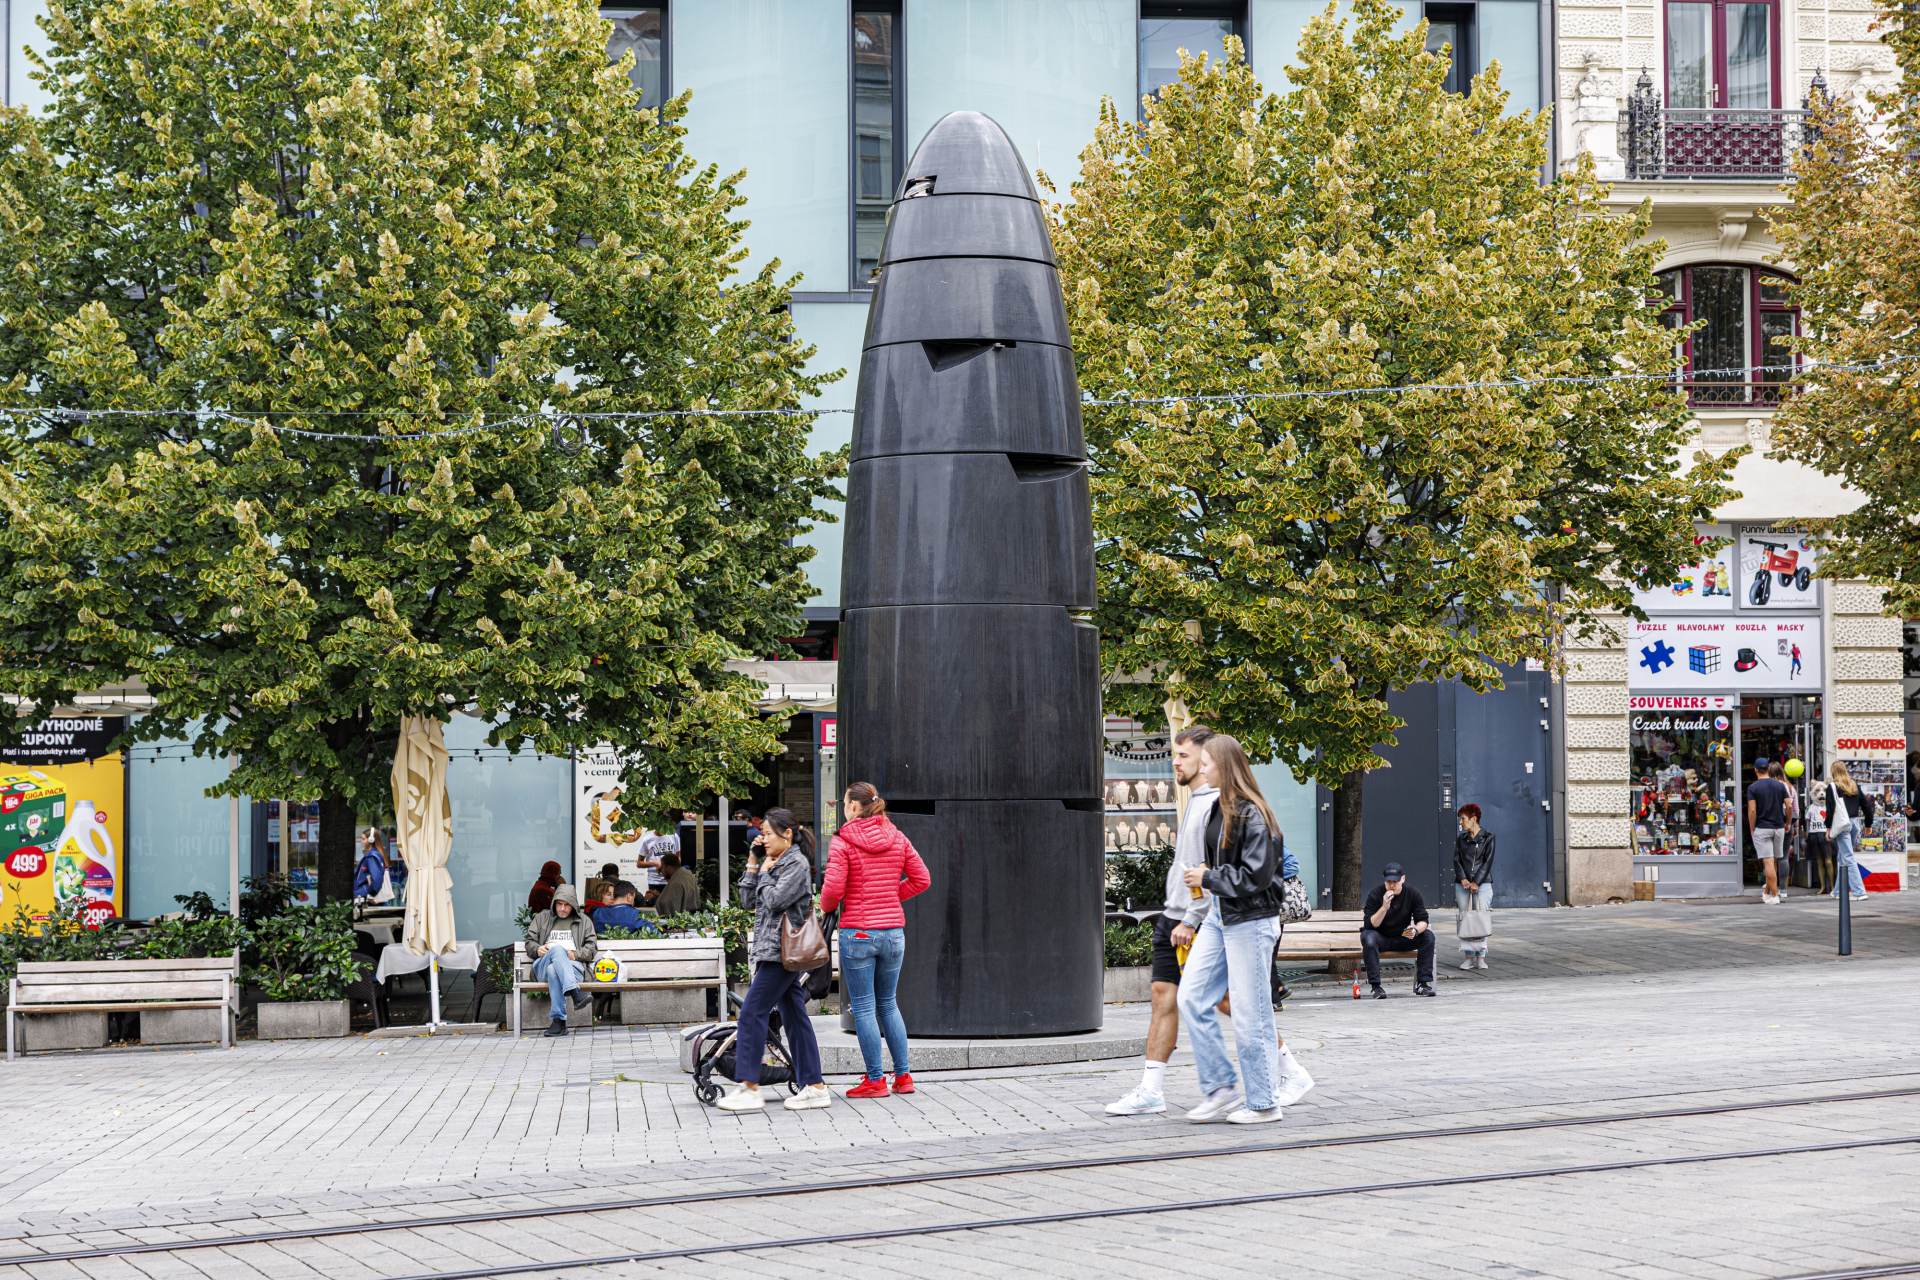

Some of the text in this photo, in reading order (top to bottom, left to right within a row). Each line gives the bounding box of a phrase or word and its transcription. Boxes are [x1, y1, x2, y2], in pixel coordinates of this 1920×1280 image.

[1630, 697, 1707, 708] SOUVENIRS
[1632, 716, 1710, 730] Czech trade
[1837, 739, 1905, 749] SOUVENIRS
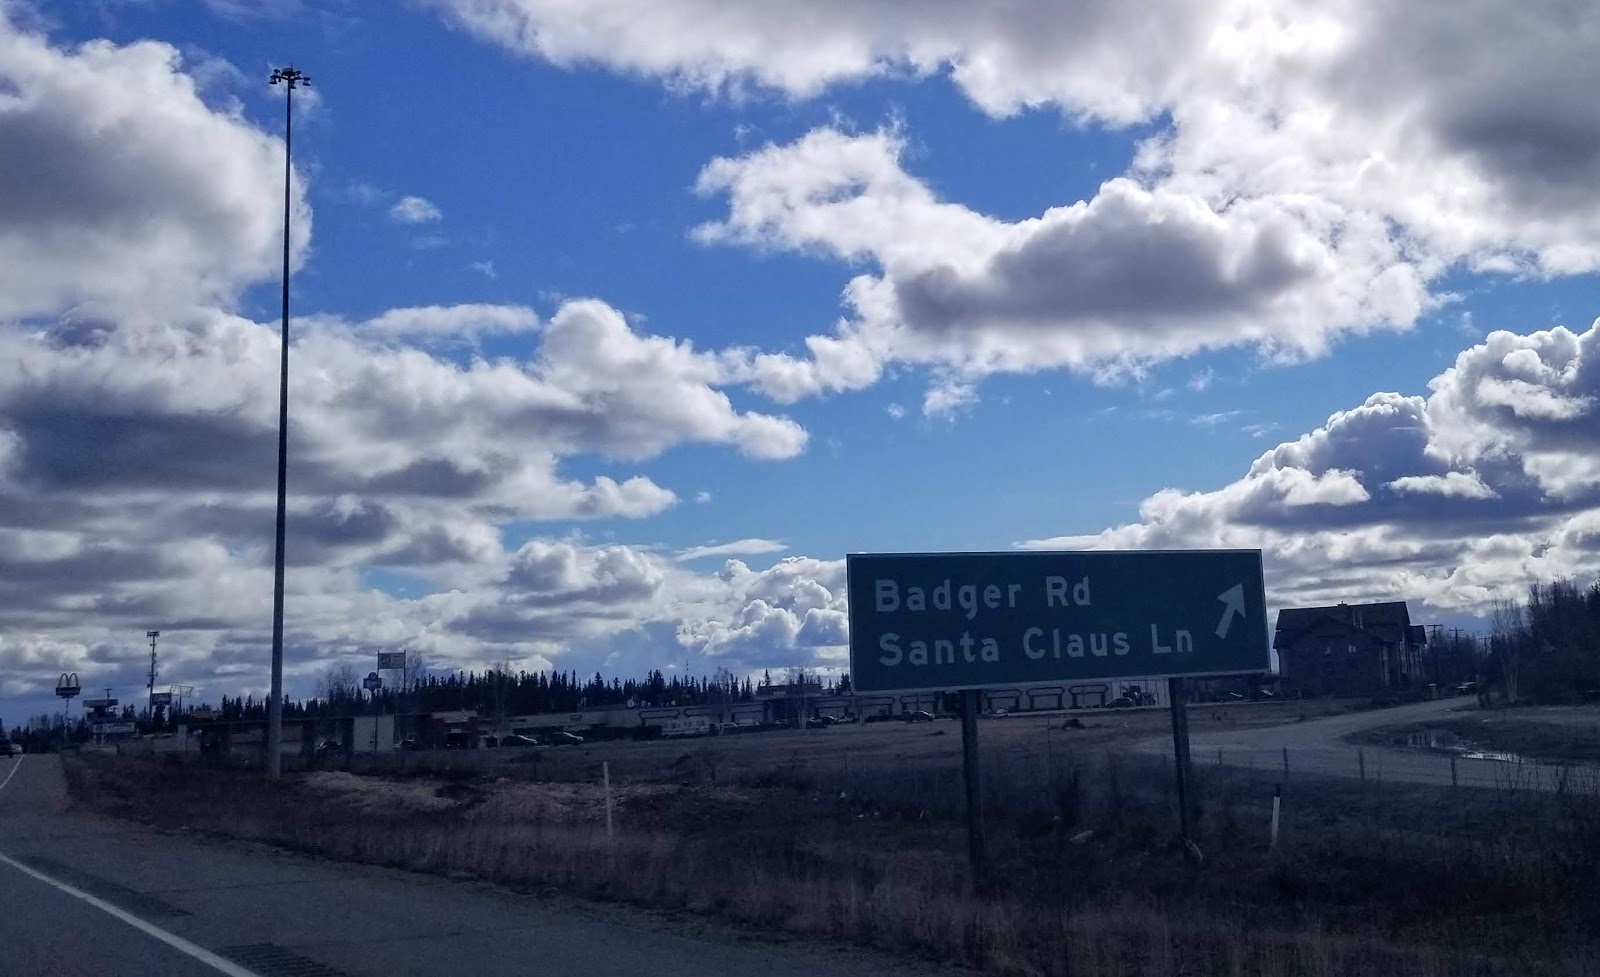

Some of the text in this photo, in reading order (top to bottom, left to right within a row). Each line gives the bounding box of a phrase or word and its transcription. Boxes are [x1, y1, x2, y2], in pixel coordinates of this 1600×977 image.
───
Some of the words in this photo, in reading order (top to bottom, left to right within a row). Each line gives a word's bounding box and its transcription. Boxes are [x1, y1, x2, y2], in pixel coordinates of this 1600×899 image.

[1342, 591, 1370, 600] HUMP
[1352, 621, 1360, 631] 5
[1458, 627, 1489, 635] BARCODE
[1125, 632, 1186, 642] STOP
───
WHAT YOU WILL DO. In the listing above, find the line containing "this 1920×1280 image." and the line containing "this 1600×977 image."; print those lines and every line between them exactly, leaving out pictures.

EXERCISE RESULT.
Some of the text in this photo, in reading order (top to bottom, left to right within a row). Each line gives the bounding box of a phrase or word and its transcription. Boxes are [x1, y1, x2, y2], in pixel coordinates of this 1920×1280 image.

[1630, 697, 1707, 708] SOUVENIRS
[1632, 716, 1710, 730] Czech trade
[1837, 739, 1905, 749] SOUVENIRS

Some of the text in this photo, in reading order (top to bottom, left to right within a row). Each line gives the bounding box of a phrase or word and its transcription. Boxes are [x1, y1, x2, y2], in pixel coordinates of this 1600×977 image.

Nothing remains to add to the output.